Street Fight Daily: Users Stand by Uber Despite Scandals, FTC Clears Amazon-Whole Foods Deal
A roundup of today’s big stories in hyperlocal publishing, marketing, commerce, and technology…
Despite the Drama, Uber Reports Strong User Growth and Financial Outlook (TechCrunch)
Uber’s $8.7 billion in gross bookings were up 17 percent in the second quarter. Global trips increased 150 percent year-over-year, excluding China. Adjusted net revenue was $1.75 billion in the second quarter, up from $1.5 billion in the first quarter.
Amazon-Whole Foods Deal Clears Last Two Major Hurdles (NYT)
Amazon’s bid to become a bigger player in the grocery business took a major step forward Wednesday, as federal antitrust regulators approved the internet company’s acquisition of Whole Foods Market. Medium: Foursquare’s Jeff Glueck on predicting which companies Amazon and Walmart will acquire next.
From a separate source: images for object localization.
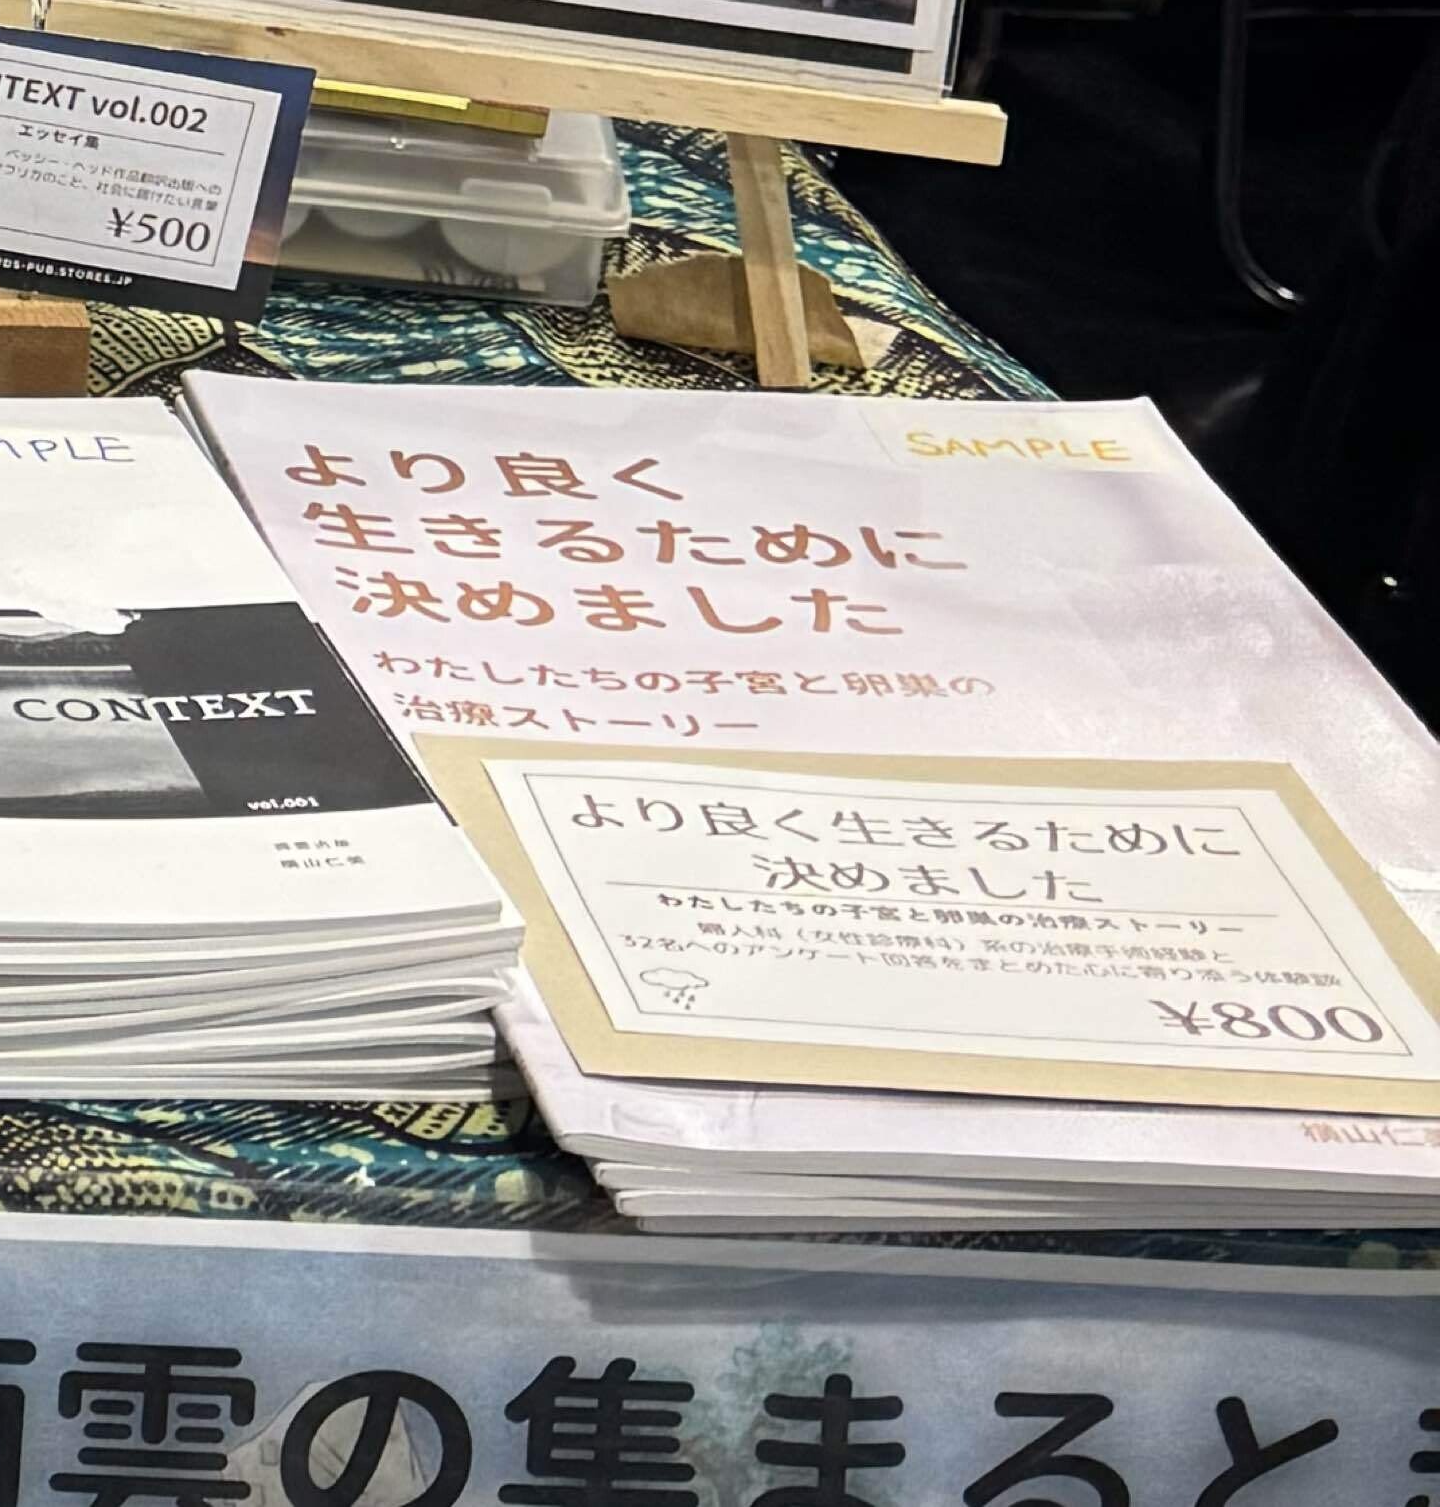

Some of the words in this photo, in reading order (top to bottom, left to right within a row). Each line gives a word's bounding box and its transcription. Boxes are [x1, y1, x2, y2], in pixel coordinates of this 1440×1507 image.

[90, 94, 209, 134] vol.002
[105, 206, 212, 253] ¥500
[906, 430, 1133, 465] SAMPLE
[283, 444, 684, 504] より良く
[300, 501, 970, 573] 生きるために
[340, 565, 906, 641] 決めました
[374, 647, 997, 702] わたしたちの子宮と卵巣の
[13, 688, 317, 724] CONTEXT
[394, 690, 761, 739] 治療ストーリー
[247, 796, 320, 810] vol.001
[570, 791, 1242, 860] より良く生きるために
[752, 852, 1104, 906] 決めました
[1150, 998, 1384, 1045] ¥800
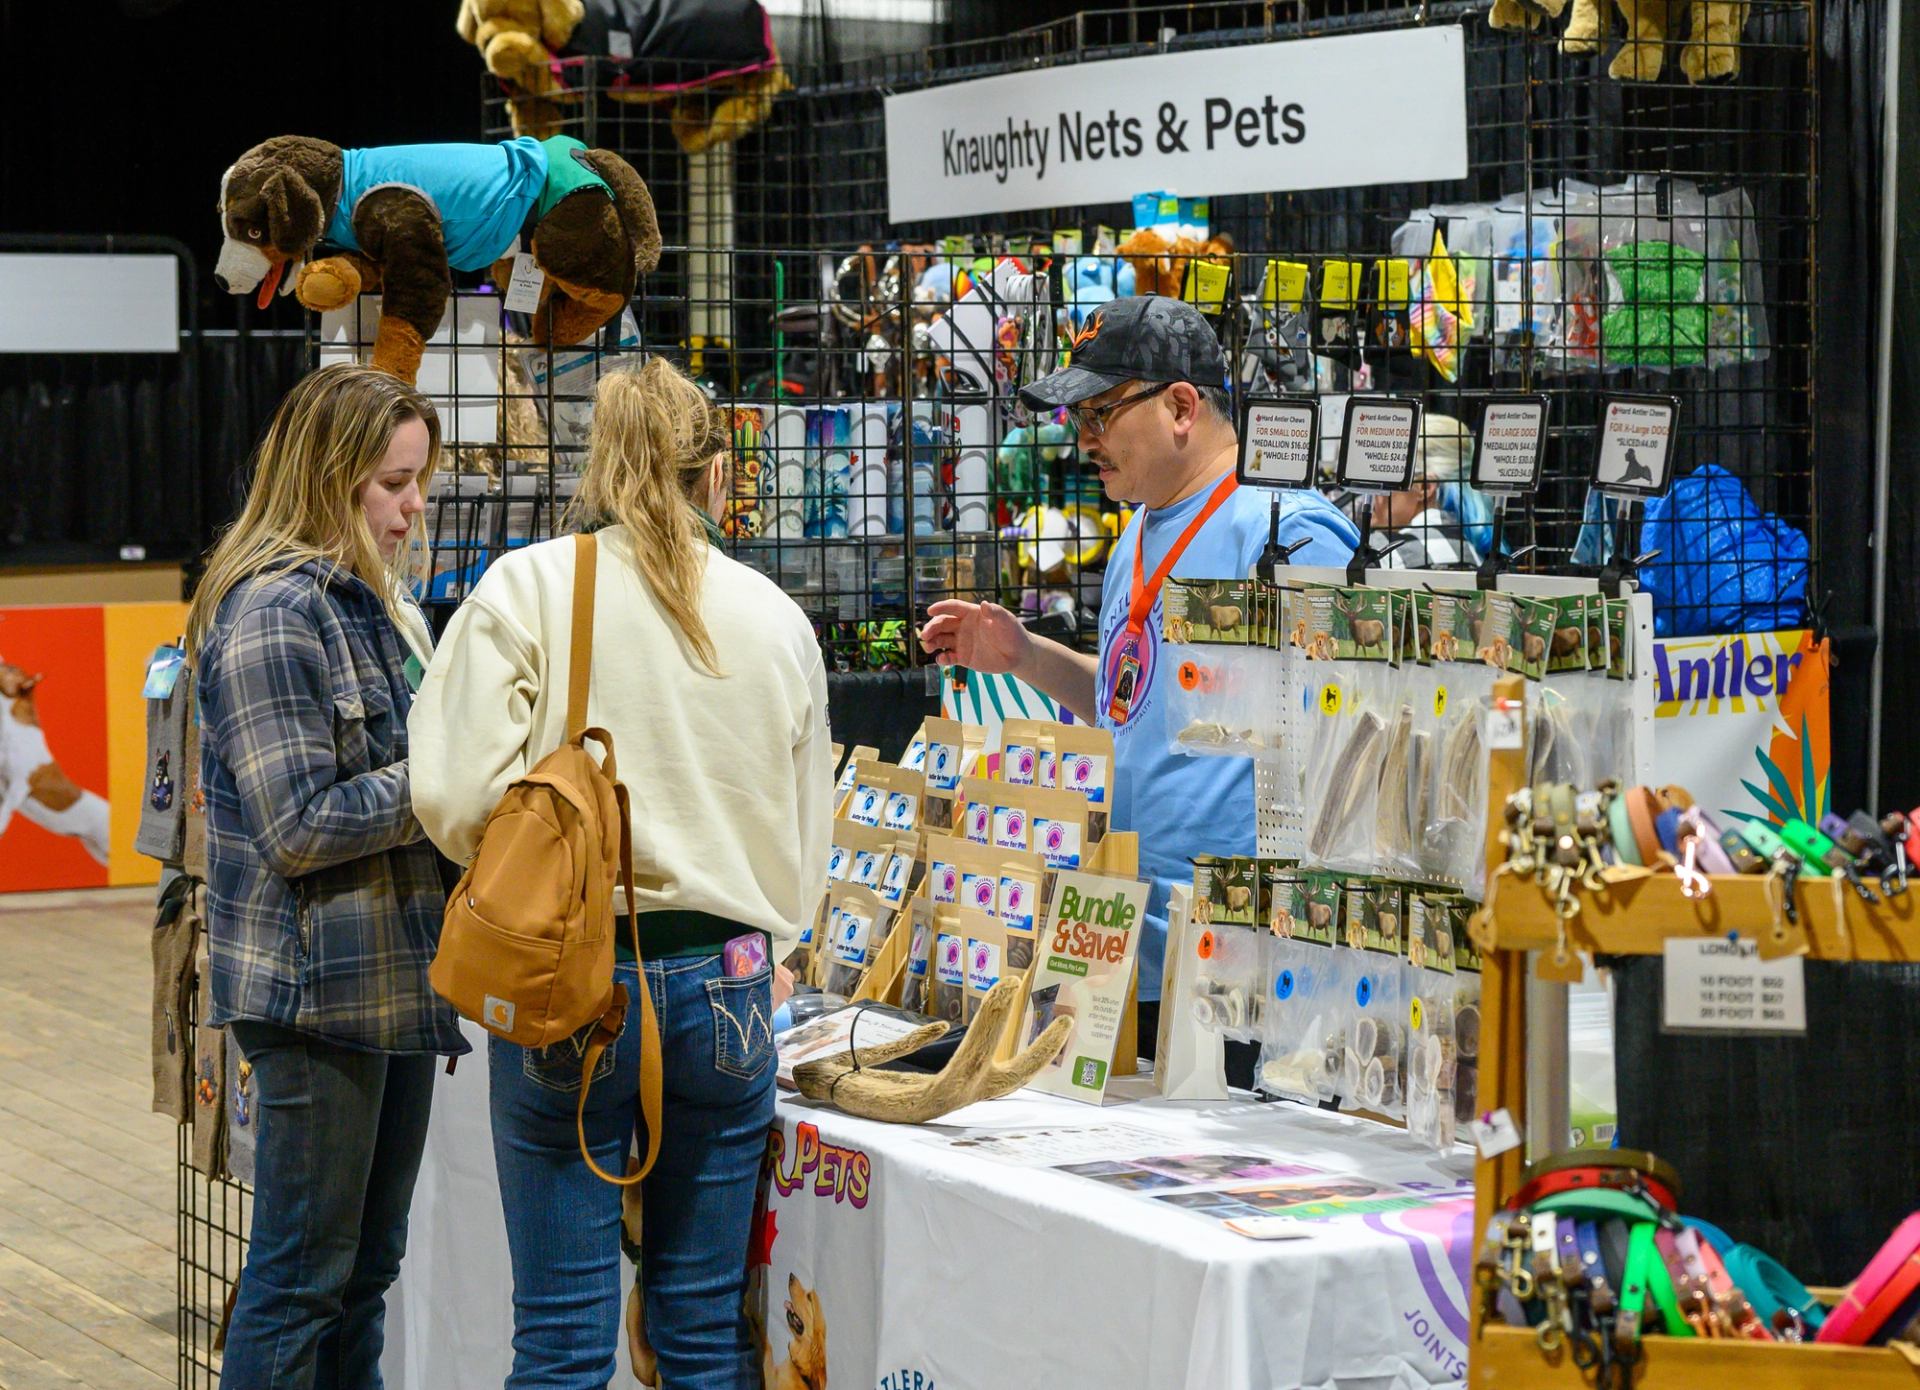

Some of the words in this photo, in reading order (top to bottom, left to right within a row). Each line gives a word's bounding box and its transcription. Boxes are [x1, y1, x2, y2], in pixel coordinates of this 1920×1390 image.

[942, 116, 1049, 184] Knaughty
[1059, 109, 1143, 163] Nets
[1156, 101, 1189, 154] &
[1205, 95, 1306, 151] Pets
[1357, 427, 1368, 436] FOR
[1370, 428, 1394, 436] MEDIUM
[1610, 422, 1623, 432] FOR
[1256, 428, 1268, 436] FOR
[1270, 428, 1289, 436] SMALL
[1290, 429, 1308, 438] DOGS
[1489, 428, 1500, 436] FOR
[1501, 428, 1520, 437] LARGE
[1520, 428, 1537, 438] DOGS
[1058, 885, 1136, 930] Bundle
[1052, 918, 1071, 953] &
[1069, 922, 1129, 964] Save!
[1718, 976, 1754, 987] FOOT
[1718, 992, 1754, 1004] FOOT
[1718, 1008, 1754, 1019] FOOT
[791, 1121, 870, 1209] PETS
Facebook Has a New Mission That Just May Benefit Local Publishers (Street Fight)
Tom Grubisich: Facebook doesn’t call itself a technology company anymore. “It’s a “new kind of platform,” says founder Mark Zuckerberg. But I think the world – in particular local news publishers — should forget the semantics and focus instead on what Facebook is actually doing.
Paid-Search Advertising Still Outranks Social in Performance (MediaPost)
Although they struggle to keep up with new tech, marketers repeatedly test campaigns to find the media returning the highest profit on investments. When it comes to pay-per-click advertising, paid-search text ads remain the best performer for marketers.
Case Study: Audiologist Offloads Management of Digital Campaigns (Street Fight)
Audiology First owner Diana Wagner knew that establishing a presence online would be essential to growing her business, but running online marketing campaigns required too much day-to-day involvement for her to be able to handle everything on her own.
TGI Fridays Aims to Reinvent Itself through IoT and Chabots (CIO)
Sherif Mityas, TGI Fridays CIO and vice president for strategy and brand initiatives, is testing new technologies in a mock restaurant that serves as a launching pad for digital tools that could redefine casual dining in a world where more millennials cook at home or order from quick-service chains.
How Huge Is Personalizing the Café Experience (Digiday)
The store of the future may still be a pipe dream, but some marketers are discovering that the power of customer data isn’t limited to digital spaces. To learn just how personalized the physical retail experience could get, Huge built a cafe at the base of its Atlanta office.
Defining Reach in the Age of Microtargeting (AdExchanger)
Bryan Noguchi: Our industry is nearing an amazing inflection point where “reach,” as we’ve traditionally understood it, is about to be replaced with an as-yet-unnamed metric representing “the right people, at the right time, in the right mindset.”
Consumers Turn to Social Media to Voice Complaints with Brands (eMarketer)
Data from social media analytics and monitoring service Sprout Social revealed that many US internet users believe social media has given them more of a voice to expose unfair treatment from brands and be more critical of them in general.